Instructions for the task ->
Omit every picture while you reproduce the entries that follow word for word.

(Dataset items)
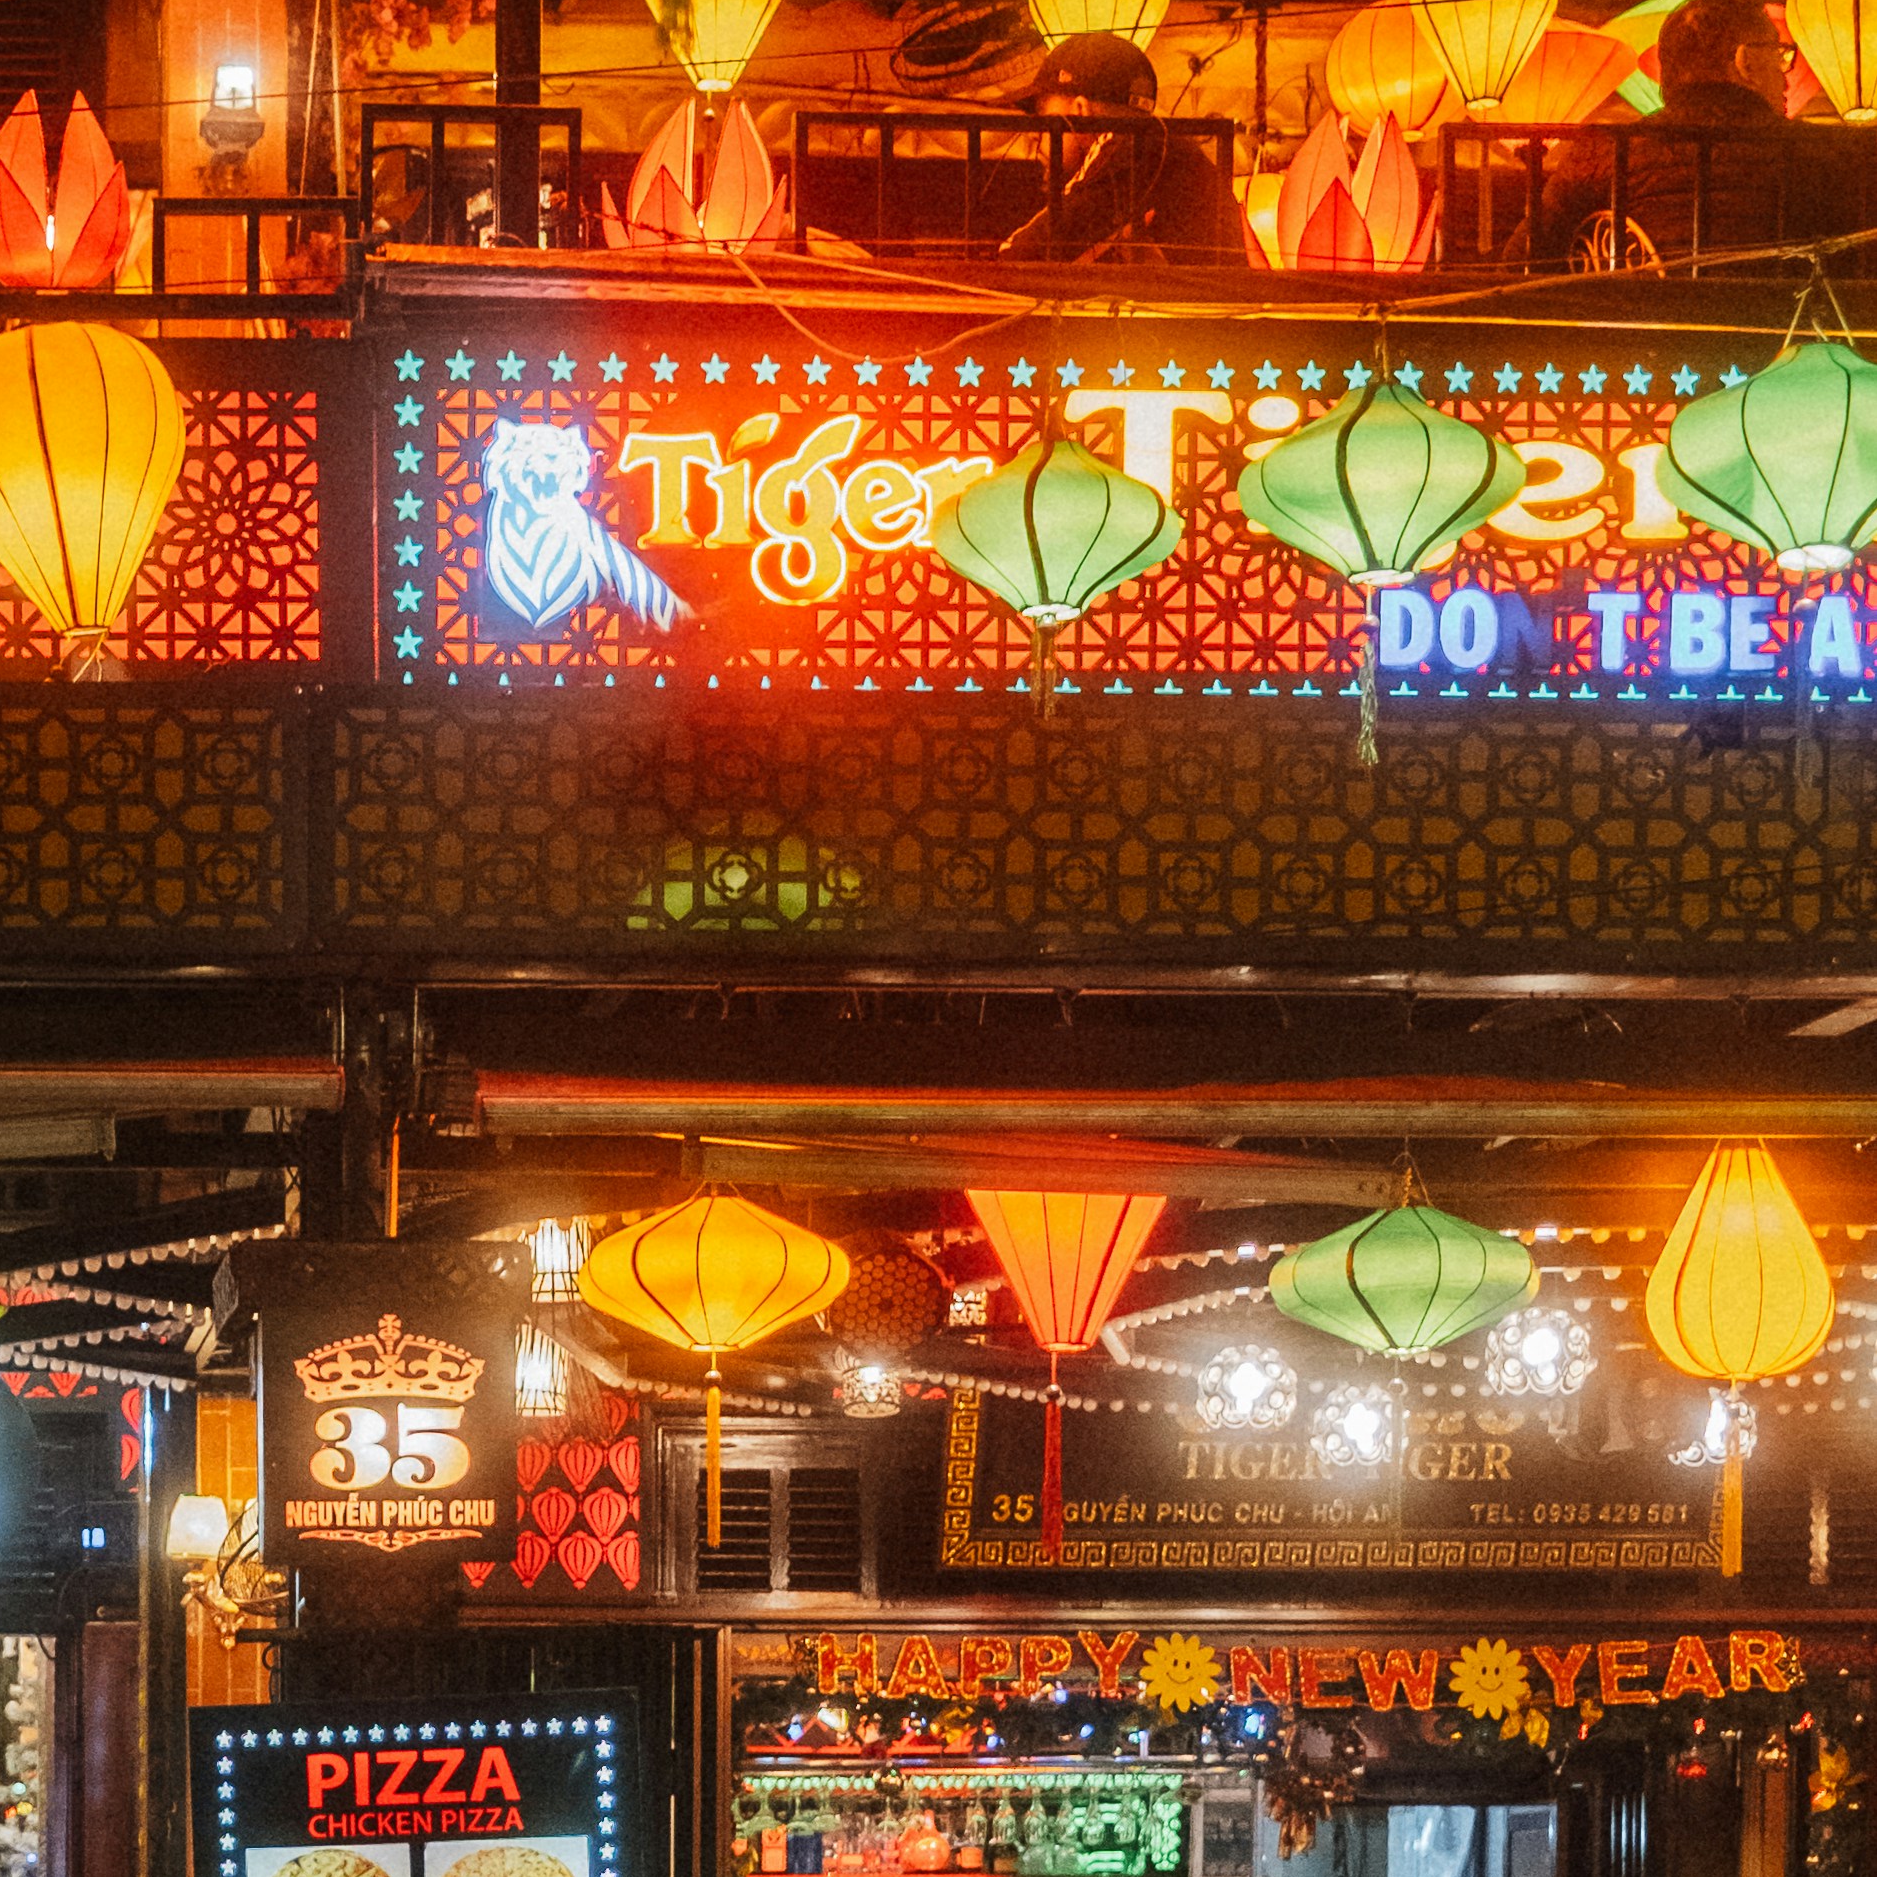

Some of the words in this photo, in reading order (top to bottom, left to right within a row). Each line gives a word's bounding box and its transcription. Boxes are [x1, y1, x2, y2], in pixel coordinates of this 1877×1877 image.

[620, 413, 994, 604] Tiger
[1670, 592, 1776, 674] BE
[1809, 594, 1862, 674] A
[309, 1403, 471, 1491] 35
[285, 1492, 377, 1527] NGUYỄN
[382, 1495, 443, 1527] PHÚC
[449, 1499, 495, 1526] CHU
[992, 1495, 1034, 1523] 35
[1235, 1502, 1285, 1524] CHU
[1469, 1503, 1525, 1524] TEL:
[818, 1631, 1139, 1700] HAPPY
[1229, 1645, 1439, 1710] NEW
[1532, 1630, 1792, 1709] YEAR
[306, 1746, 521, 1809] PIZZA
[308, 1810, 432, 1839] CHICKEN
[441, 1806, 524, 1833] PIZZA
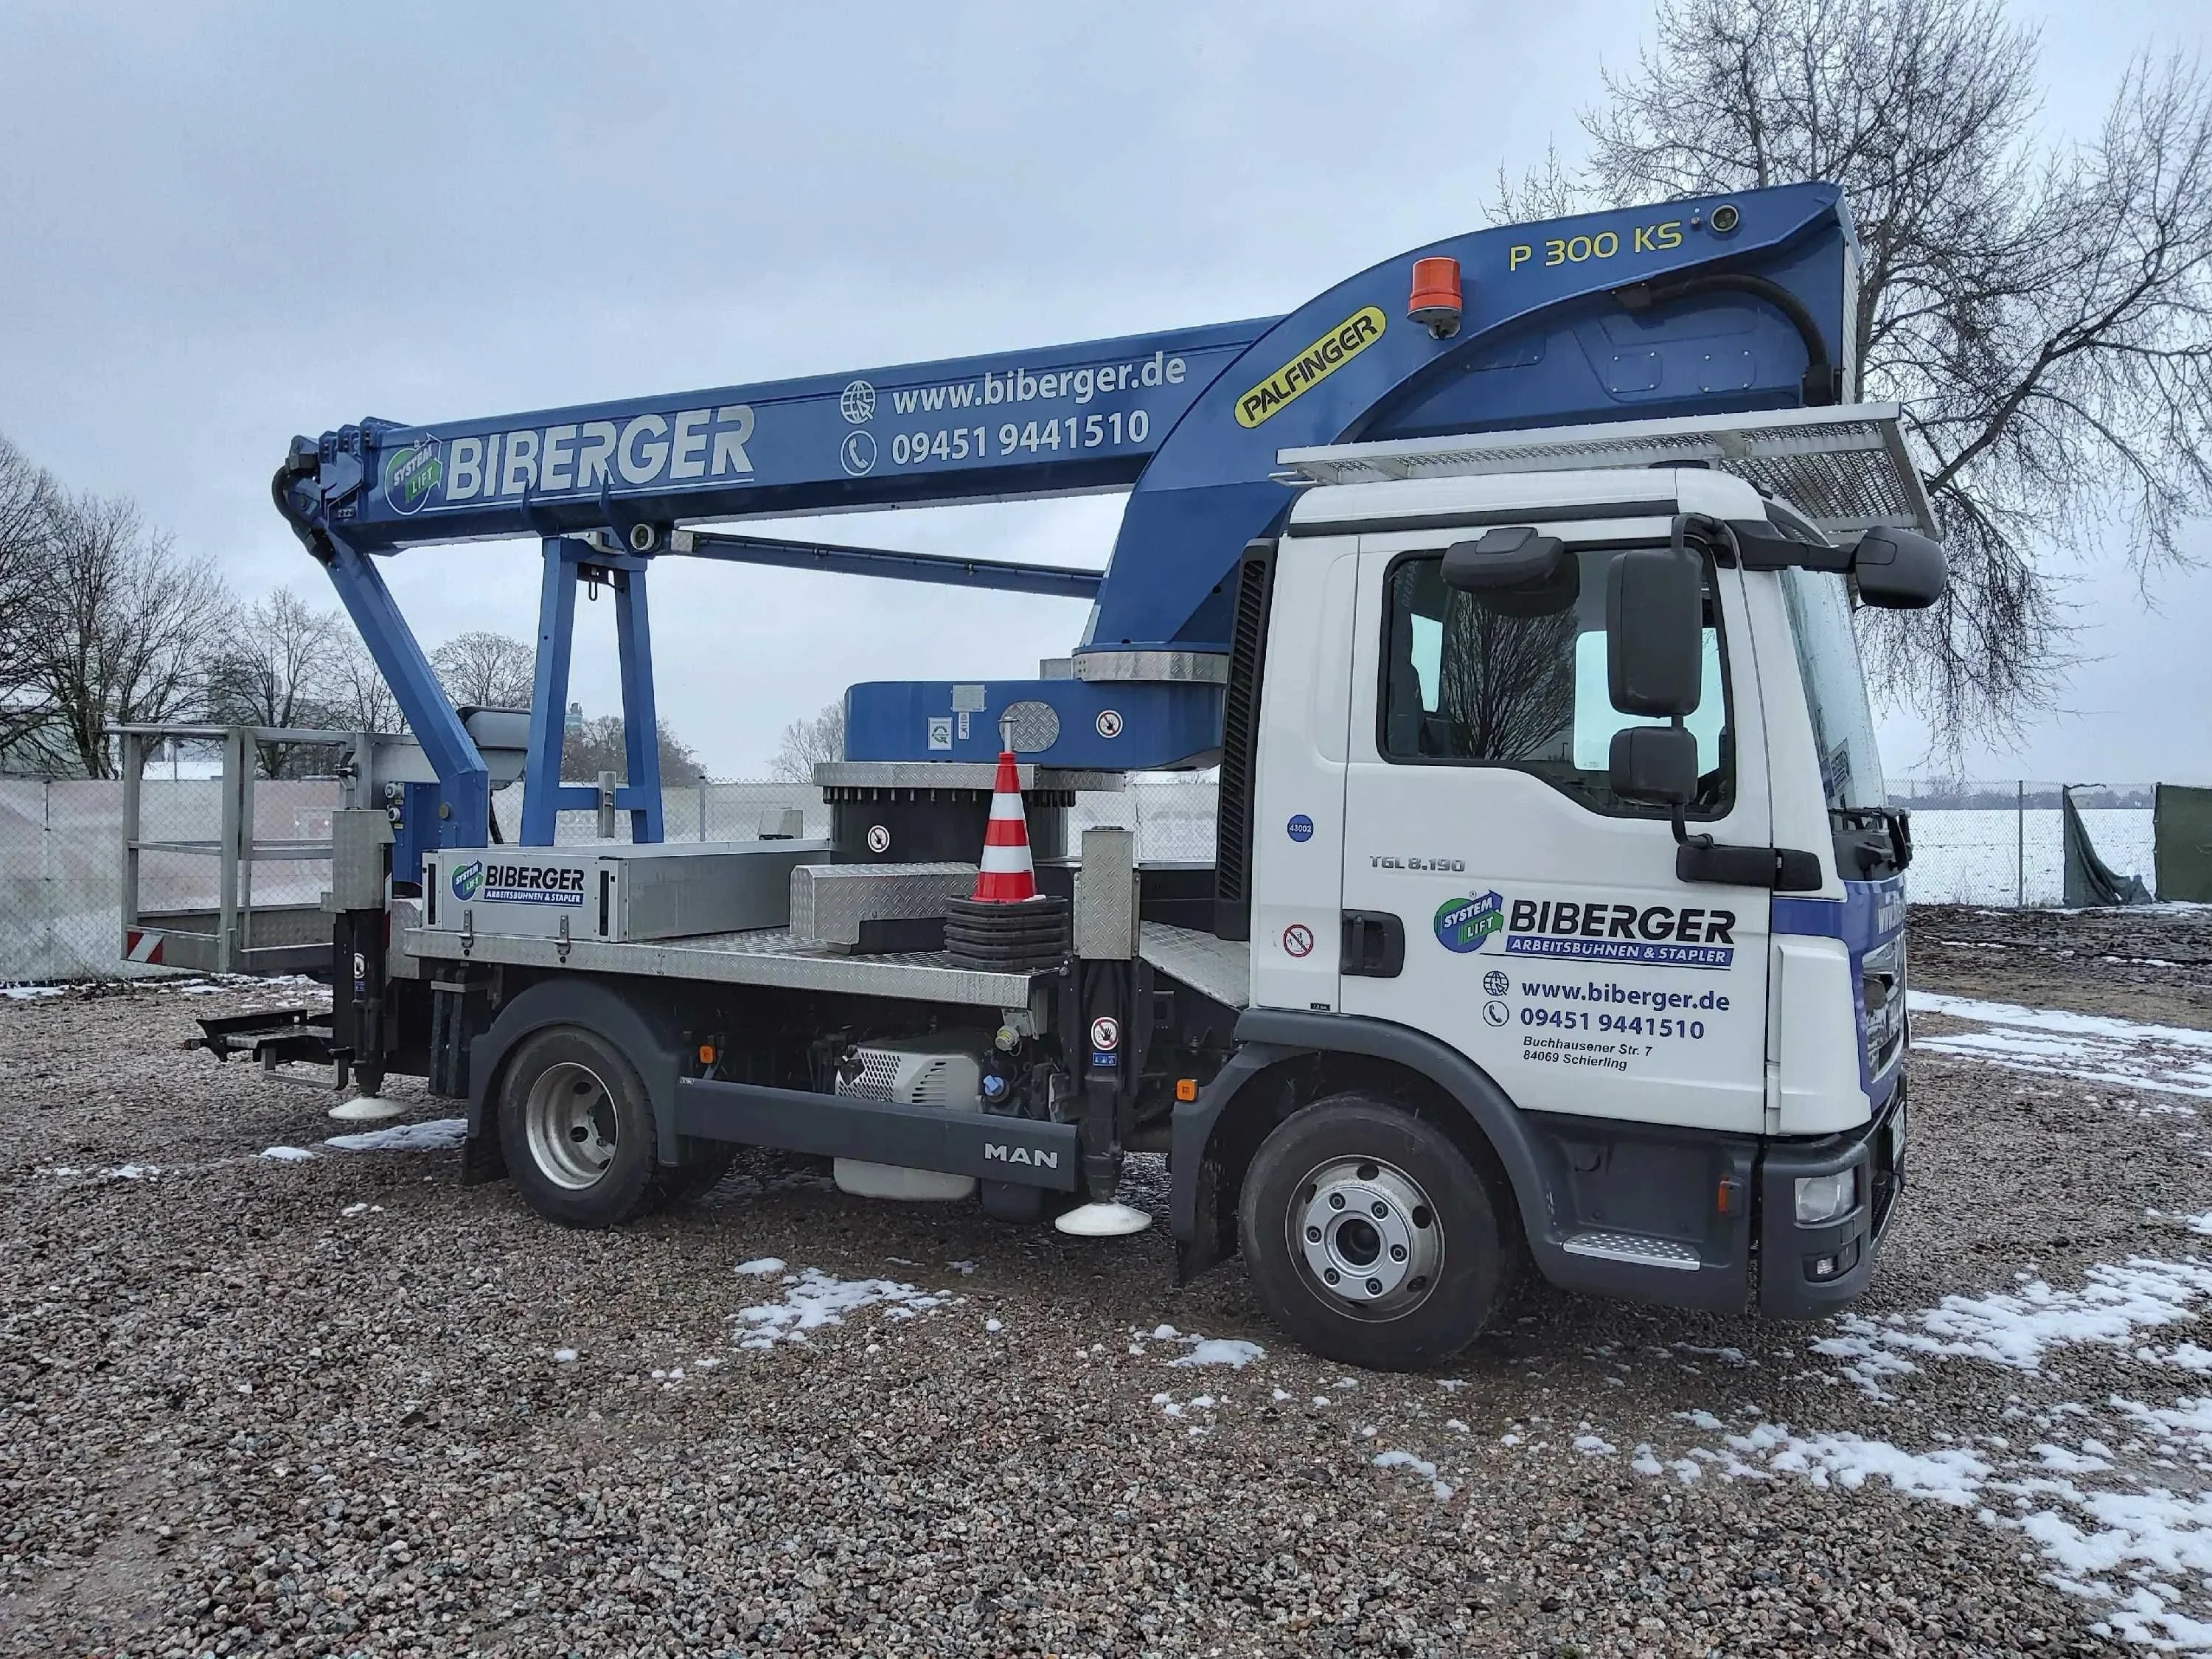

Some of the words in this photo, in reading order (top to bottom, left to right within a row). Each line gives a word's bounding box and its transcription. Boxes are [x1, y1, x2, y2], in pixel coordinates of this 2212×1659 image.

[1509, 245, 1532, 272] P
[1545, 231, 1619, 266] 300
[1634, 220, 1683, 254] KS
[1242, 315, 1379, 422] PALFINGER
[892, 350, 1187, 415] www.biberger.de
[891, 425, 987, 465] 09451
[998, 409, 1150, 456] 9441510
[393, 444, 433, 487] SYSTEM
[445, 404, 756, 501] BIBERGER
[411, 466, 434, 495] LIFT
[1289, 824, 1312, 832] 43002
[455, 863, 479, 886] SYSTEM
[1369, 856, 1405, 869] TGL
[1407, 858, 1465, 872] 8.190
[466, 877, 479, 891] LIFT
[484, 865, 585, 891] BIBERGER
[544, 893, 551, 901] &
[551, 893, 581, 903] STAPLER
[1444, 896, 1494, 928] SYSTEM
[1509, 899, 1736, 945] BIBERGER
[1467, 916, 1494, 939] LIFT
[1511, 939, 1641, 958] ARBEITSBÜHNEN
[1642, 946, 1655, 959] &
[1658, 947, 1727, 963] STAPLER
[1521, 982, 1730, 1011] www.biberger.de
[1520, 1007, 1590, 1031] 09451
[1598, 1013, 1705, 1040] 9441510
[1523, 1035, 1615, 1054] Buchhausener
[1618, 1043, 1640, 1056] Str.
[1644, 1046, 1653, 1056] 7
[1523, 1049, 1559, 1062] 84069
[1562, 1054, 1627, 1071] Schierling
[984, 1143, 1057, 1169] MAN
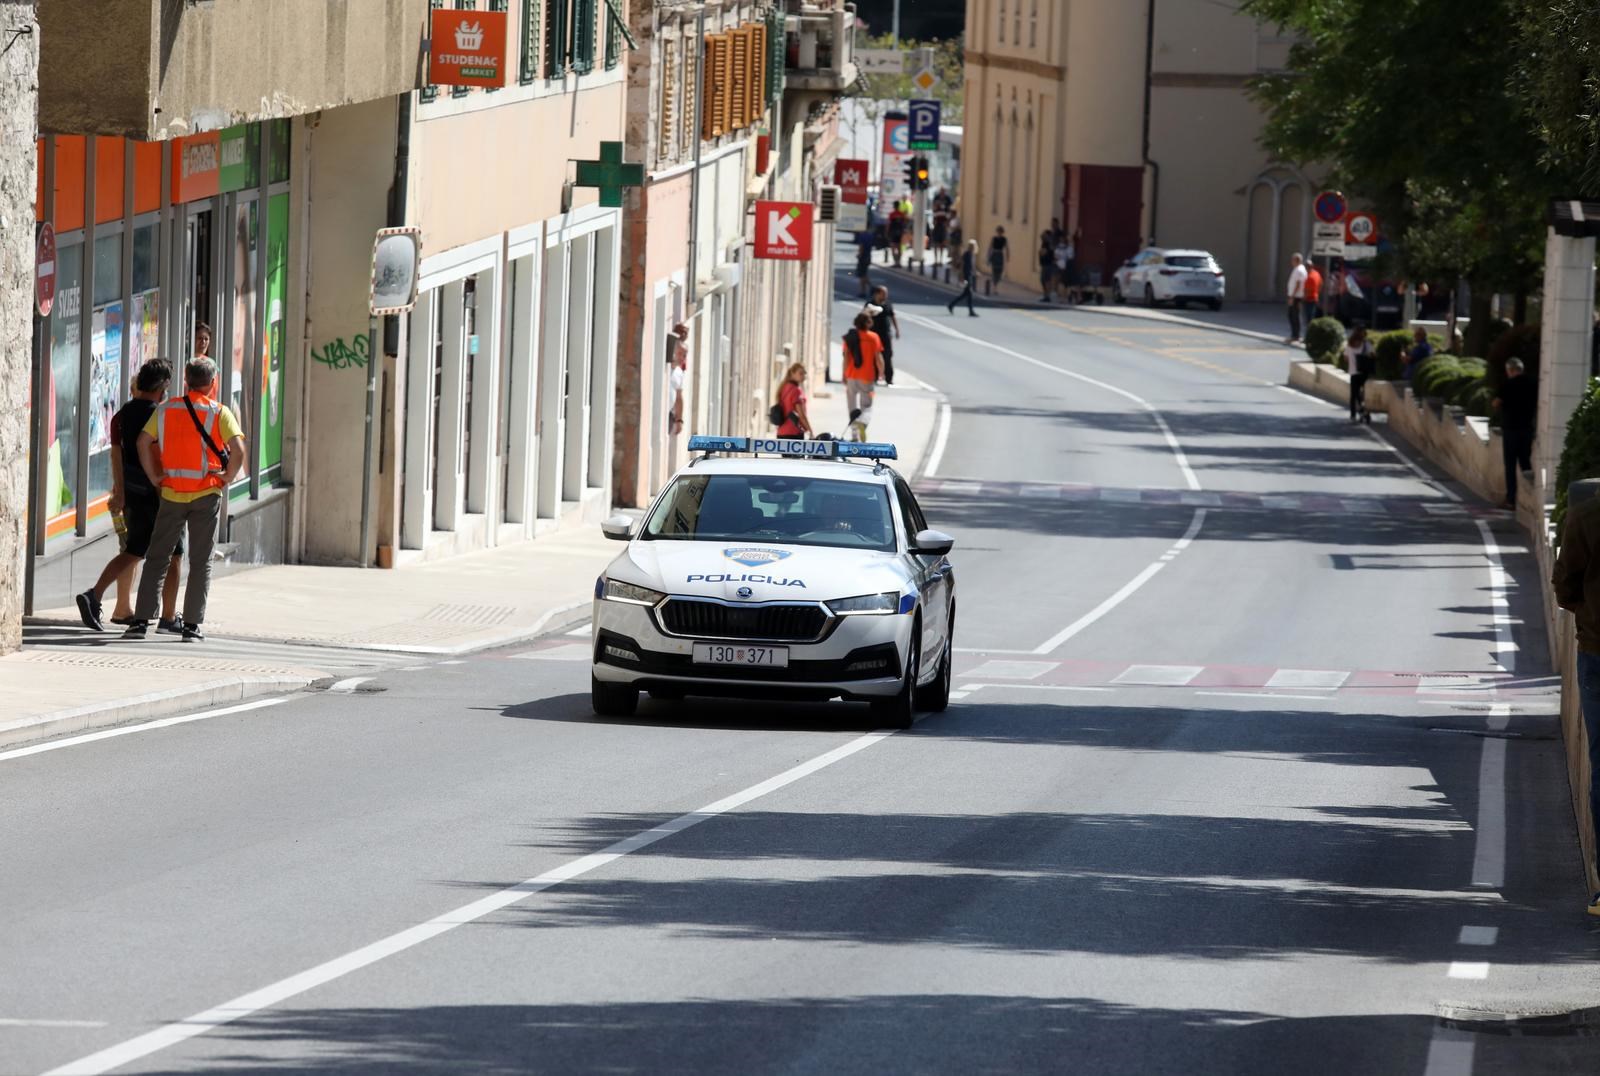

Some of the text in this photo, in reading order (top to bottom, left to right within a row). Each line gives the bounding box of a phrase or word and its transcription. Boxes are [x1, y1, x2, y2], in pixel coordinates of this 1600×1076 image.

Solution to the exercise ->
Some of the words in this photo, in reading order (top to bottom, left to right within a row). Each line gives a word's bounding box and its transcription. Boxes are [x1, y1, x2, y2], in pixel coordinates of this 1877×1877 image.

[620, 413, 994, 604] Tiger
[1670, 592, 1776, 674] BE
[1809, 594, 1862, 674] A
[309, 1403, 471, 1491] 35
[285, 1492, 377, 1527] NGUYỄN
[382, 1495, 443, 1527] PHÚC
[449, 1499, 495, 1526] CHU
[992, 1495, 1034, 1523] 35
[1235, 1502, 1285, 1524] CHU
[1469, 1503, 1525, 1524] TEL:
[818, 1631, 1139, 1700] HAPPY
[1229, 1645, 1439, 1710] NEW
[1532, 1630, 1792, 1709] YEAR
[306, 1746, 521, 1809] PIZZA
[308, 1810, 432, 1839] CHICKEN
[441, 1806, 524, 1833] PIZZA

Some of the words in this photo, in reading order (top to bottom, left to right within a row). Each line gives a word's bounding box and its transcription. Boxes are [x1, y1, x2, y2], in pixel coordinates of this 2212×1659 image.

[1509, 245, 1532, 272] P
[1545, 231, 1619, 266] 300
[1634, 220, 1683, 254] KS
[1242, 315, 1379, 422] PALFINGER
[892, 350, 1187, 415] www.biberger.de
[891, 425, 987, 465] 09451
[998, 409, 1150, 456] 9441510
[393, 444, 433, 487] SYSTEM
[445, 404, 756, 501] BIBERGER
[411, 466, 434, 495] LIFT
[1289, 824, 1312, 832] 43002
[455, 863, 479, 886] SYSTEM
[1369, 856, 1405, 869] TGL
[1407, 858, 1465, 872] 8.190
[466, 877, 479, 891] LIFT
[484, 865, 585, 891] BIBERGER
[544, 893, 551, 901] &
[551, 893, 581, 903] STAPLER
[1444, 896, 1494, 928] SYSTEM
[1509, 899, 1736, 945] BIBERGER
[1467, 916, 1494, 939] LIFT
[1511, 939, 1641, 958] ARBEITSBÜHNEN
[1642, 946, 1655, 959] &
[1658, 947, 1727, 963] STAPLER
[1521, 982, 1730, 1011] www.biberger.de
[1520, 1007, 1590, 1031] 09451
[1598, 1013, 1705, 1040] 9441510
[1523, 1035, 1615, 1054] Buchhausener
[1618, 1043, 1640, 1056] Str.
[1644, 1046, 1653, 1056] 7
[1523, 1049, 1559, 1062] 84069
[1562, 1054, 1627, 1071] Schierling
[984, 1143, 1057, 1169] MAN

Some of the text in this photo, in reading order (top to bottom, left to right within a row). Each line gives the bounding box of a phrase or word and its transcription. Boxes are [x1, y1, x2, y2], in pixel coordinates of this 1600×1076 image.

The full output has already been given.